Each record is to be printed again exactly, though not its pictures.

____________________

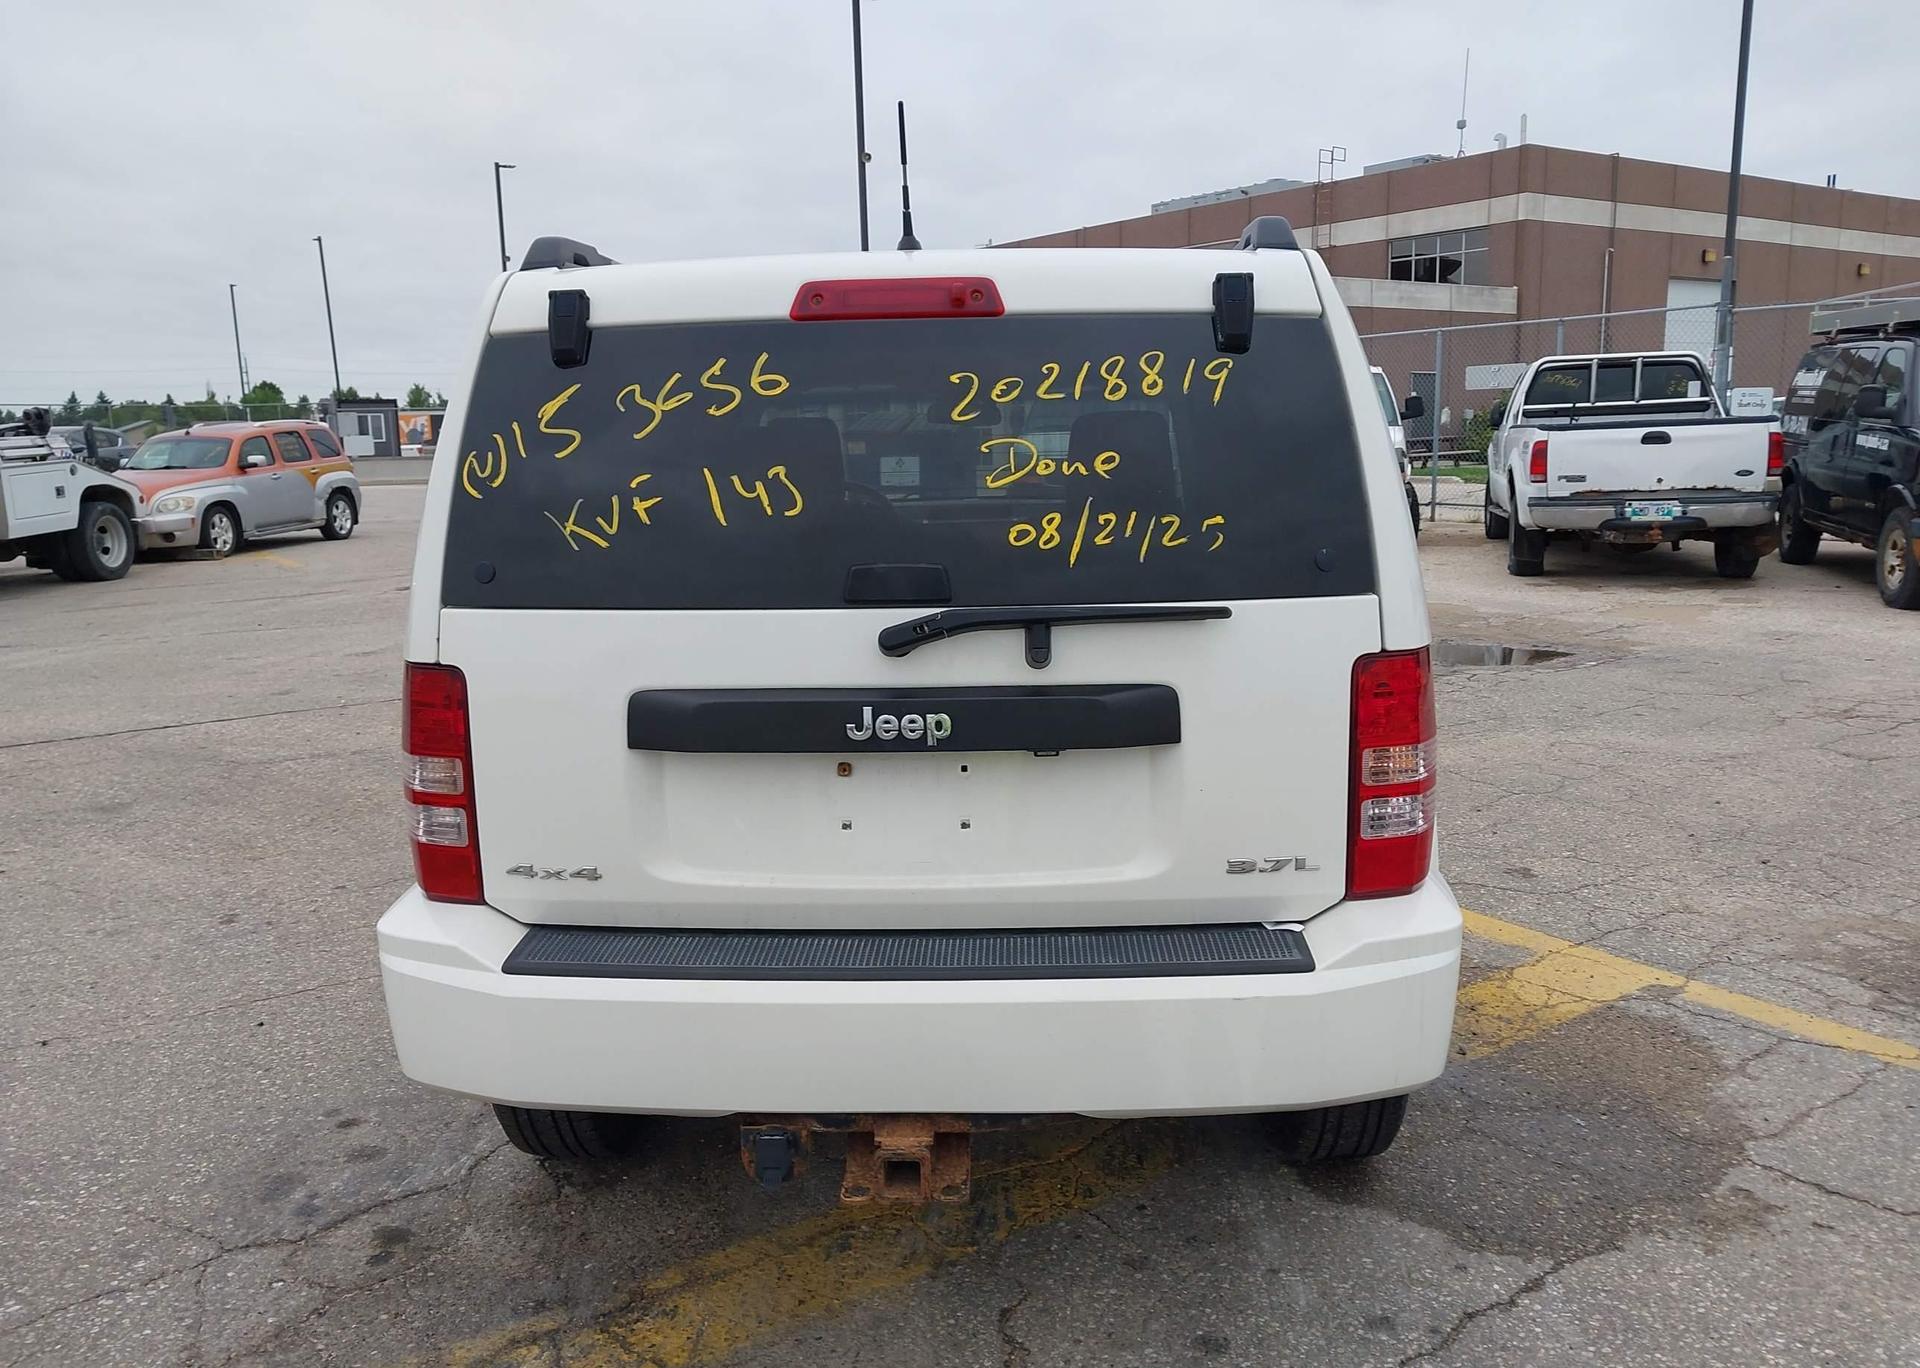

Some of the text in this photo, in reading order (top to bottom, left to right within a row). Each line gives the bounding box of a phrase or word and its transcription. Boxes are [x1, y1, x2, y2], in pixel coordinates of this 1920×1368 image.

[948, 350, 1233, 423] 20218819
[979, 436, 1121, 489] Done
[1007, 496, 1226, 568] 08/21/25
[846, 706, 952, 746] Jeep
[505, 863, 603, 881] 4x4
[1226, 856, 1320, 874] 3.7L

____________________

ANSWER BOX:
Some of the text in this photo, in reading order (top to bottom, left to right within a row). Each line gives the bounding box of a phrase or word and its transcription. Boxes are [x1, y1, x2, y2], in pixel coordinates of this 1920×1368 image.

[948, 350, 1233, 423] 20218819
[979, 436, 1121, 489] Done
[1007, 496, 1226, 568] 08/21/25
[846, 706, 952, 746] Jeep
[505, 863, 603, 881] 4x4
[1226, 856, 1320, 874] 3.7L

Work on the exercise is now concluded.